I have recently been shocked to witness what parents are doing during visiting days in high schools. There is great lavishness and display of wealth to a point where parents are competing to visit with larger family entourages, bigger and luxurious cars, and recently a helicopter landed a parent (a cabinet minister) on one of the schools. There are some who come with professional chefs or hired caterers, to prepare and serve food and drinks to the lucky kid and his or her friends. They come with tents and picnic chairs and tables. This is wrong and bad for the rest of the children, especially the poor ones whose parents arrive on foot with few chapatti, sweet potatoes and arrow roots, and a flask of hot tea.

 

The vision of the Ominde Commission report of 1965 in recommending use of school uniforms in schools was to ensure some equality.

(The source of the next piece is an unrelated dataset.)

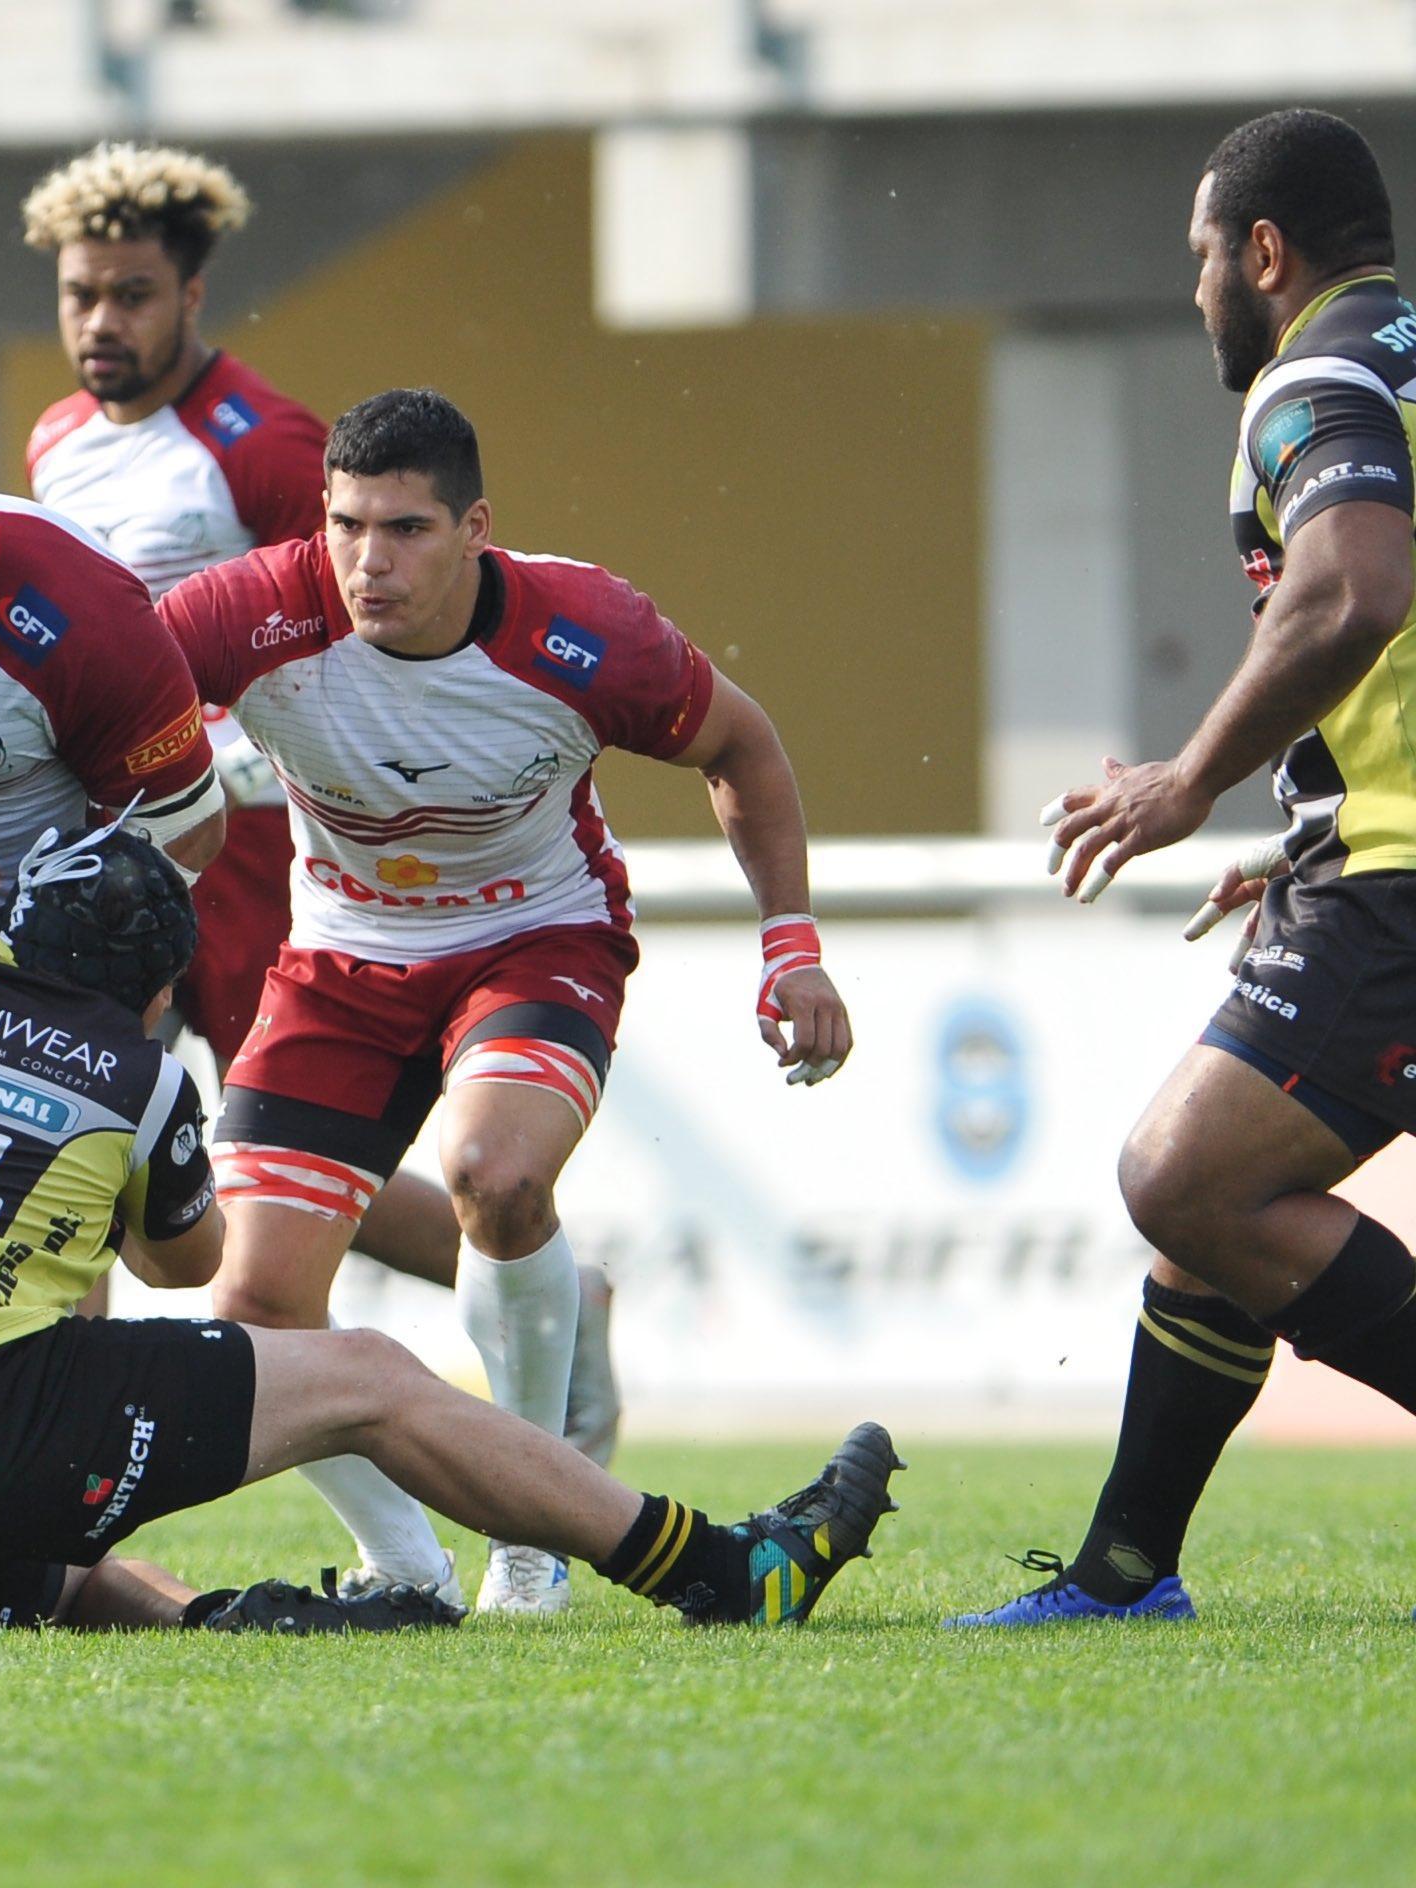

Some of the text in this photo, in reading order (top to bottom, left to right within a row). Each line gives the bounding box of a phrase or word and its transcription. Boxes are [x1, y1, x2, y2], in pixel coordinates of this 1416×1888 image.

Uniformity makes learning fair and balanced and does not terrify some learners. As presently organized, visiting days make some students frightened and depressed when they look around and see opulence which they cannot afford it. I have heard stories some children run away from their parents when they show up on foot or in old cars on visiting days. Visiting days are no longer used to see children but for boastful parents to display their wealth and show off.

 

Parents are put under a lot of financial strain. Many schools have visiting days on the first Saturday of the month and yet some parents have more than two children attending schools in different parents of the country. It becomes very hard to attend to all of them.

 

The solution to this outlandish western tradition is to ban visiting days totally from our schools. Many Kenyan parents are of the opinion that visiting days should be banned because they do not promote equality and egalitarianism. Parents are equally against half term (or midterm) break, which is also colonial. Let children learn uninterrupted and come home during schools holidays.

 

Prof. Amutabi teaches at the Catholic University of Eastern Africa.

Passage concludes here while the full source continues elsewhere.